This guide helps you navigate the Swiss healthcare and health insurance system, including the types of plans offered and what’s required of you to get the coverage you need.

What kind of healthcare system does Switzerland have?

Switzerland has a universal healthcare system, but the government requires all individuals to have insurance. There are over 60 government-approved non-profit insurance providers that offer the basic mandatory coverage set by the government. Insurance premiums vary by provider, type, and depend on the policyholder’s place of residence.

Switzerland ensures that companies don’t take too much advantage of customers by regulating insurance through the Swiss Federal Law on Health Insurance. The system aims to keep costs reasonable for individuals, while also holding them accountable for paying into the system.

Individuals are able to choose which provider and plan they want, but plans in Switzerland impose relatively high cost-sharing, including deductibles and coinsurance. The policyholder will have to pay the set deductible before the insurance kicks in. After the deductible, the individual will pay a coinsurance of 10% of the costs exceeding the deductible. There’s a maximum set on the coinsurance of 700 Fr. per year.
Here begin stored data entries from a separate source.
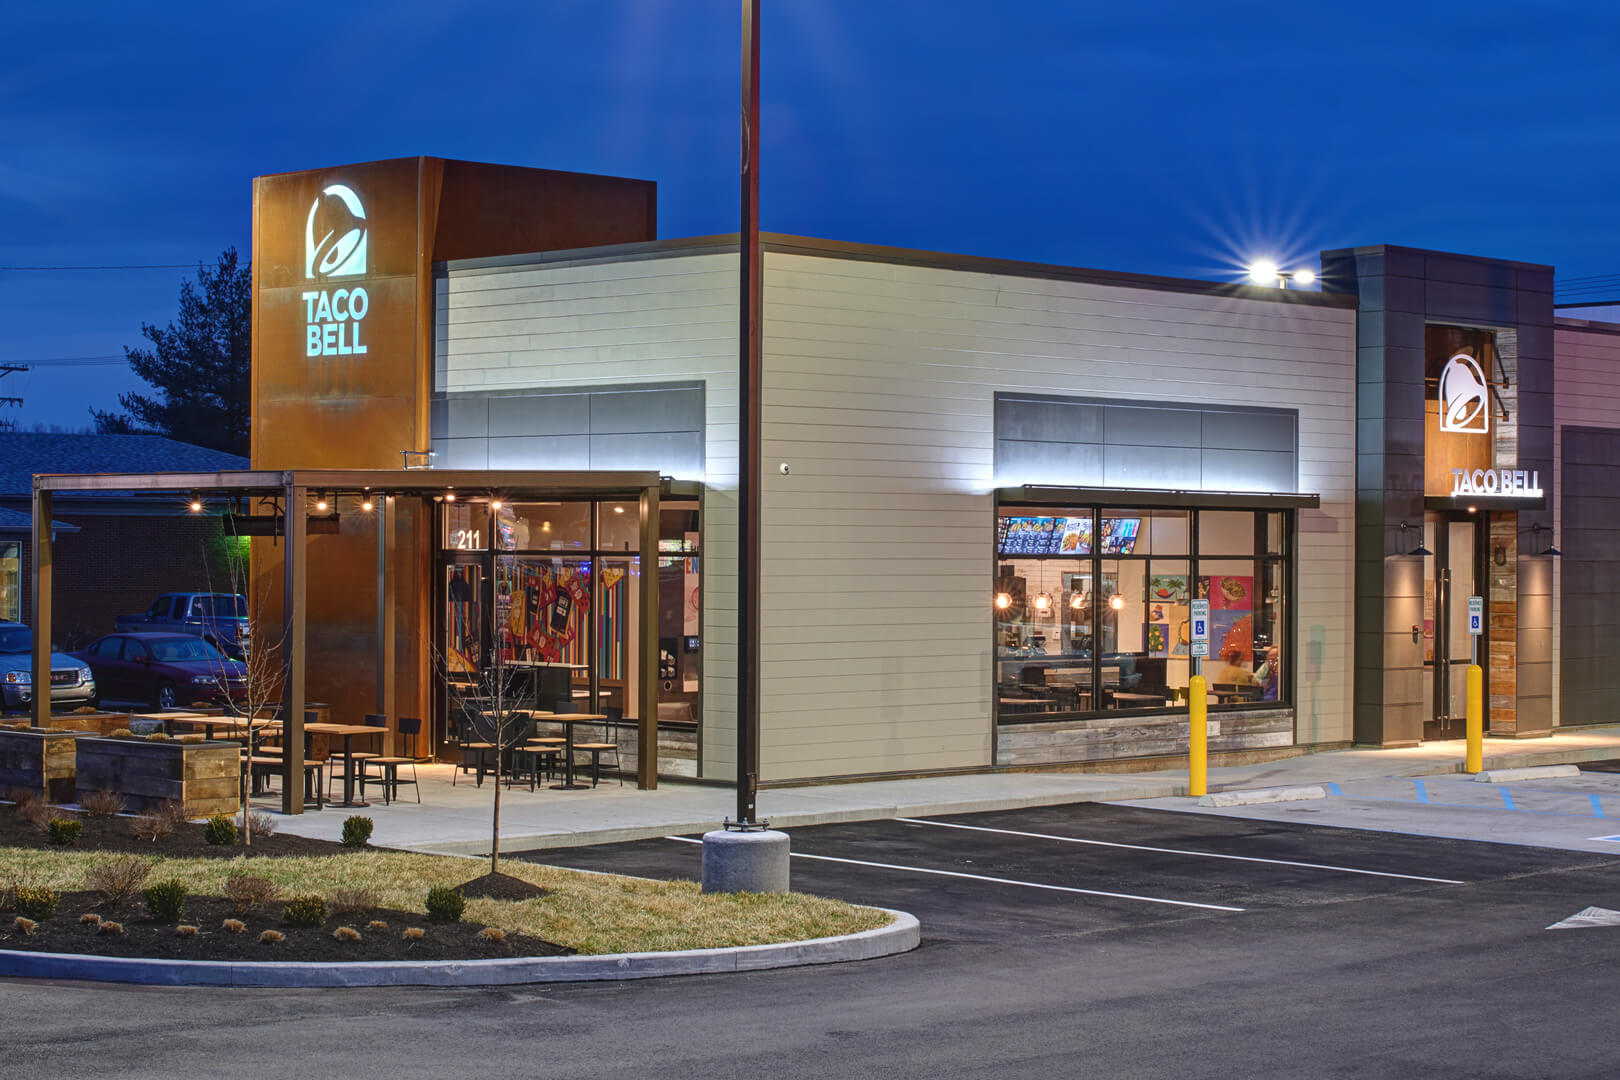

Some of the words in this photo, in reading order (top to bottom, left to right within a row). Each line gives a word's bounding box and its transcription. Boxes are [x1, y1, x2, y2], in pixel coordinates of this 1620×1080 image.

[302, 287, 369, 323] TACO
[307, 321, 368, 357] BELL
[1451, 468, 1498, 495] TACO
[1501, 470, 1543, 497] BELL
[458, 529, 480, 549] 211
Each insurance plan also usually sets an annual maximum out-of-pocket amount.

If you reside or work in Switzerland, you’re required to have health insurance, no matter where your home country is. While you technically have up to three months to apply for health insurance upon your arrival, the government actually wants you to apply as soon as possible. You will need to have basic health insurance even if you'll only be working in Switzerland for less than three months. If you’re from an EU/EEA country, your European Health Insurance Card (EHIC) provides you access to healthcare in Switzerland.

Who needs to be covered by health insurance, by how much, and what’s actually covered?
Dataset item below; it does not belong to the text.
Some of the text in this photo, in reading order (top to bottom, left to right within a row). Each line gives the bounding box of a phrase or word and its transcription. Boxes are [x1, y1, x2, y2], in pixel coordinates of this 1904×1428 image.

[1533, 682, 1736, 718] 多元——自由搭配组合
All Swiss residents are required to be covered by health insurance. You’re free to choose whichever health insurance company you want on the list of government-authorised companies. The only exception is if you’re an international civil servant or diplomat, whom can request exemption from coverage in their canton.

Basic coverage in Switzerland is still pretty extensive. Insurance must cover treatment in the case of illness, accidents, and pregnancy. As well as your stay in hospital, should you get hospitalised. Home visits by doctors, nurses, or specialists are also covered by insurance in most cases. Coverage extends to prescribed services, like physiotherapy, nursing care, occupational therapy, speech therapy, and nutritional counseling.

The public health system doesn’t usually extend to the dentist (zahnarzt / dentiste / dentista).

How long can I be uncovered by health insurance?

The Swiss government mandates that every individual intending to reside in the country be covered by health insurance within three months of their arrival in the country. The insurance policy will be retroactively applied to the individual’s arrival date.

Are there any penalties for not being covered by medical insurance?

If you miss the three month deadline to sign up for health insurance the government will assign you a plan, which might charge higher premiums than you’d like to pay.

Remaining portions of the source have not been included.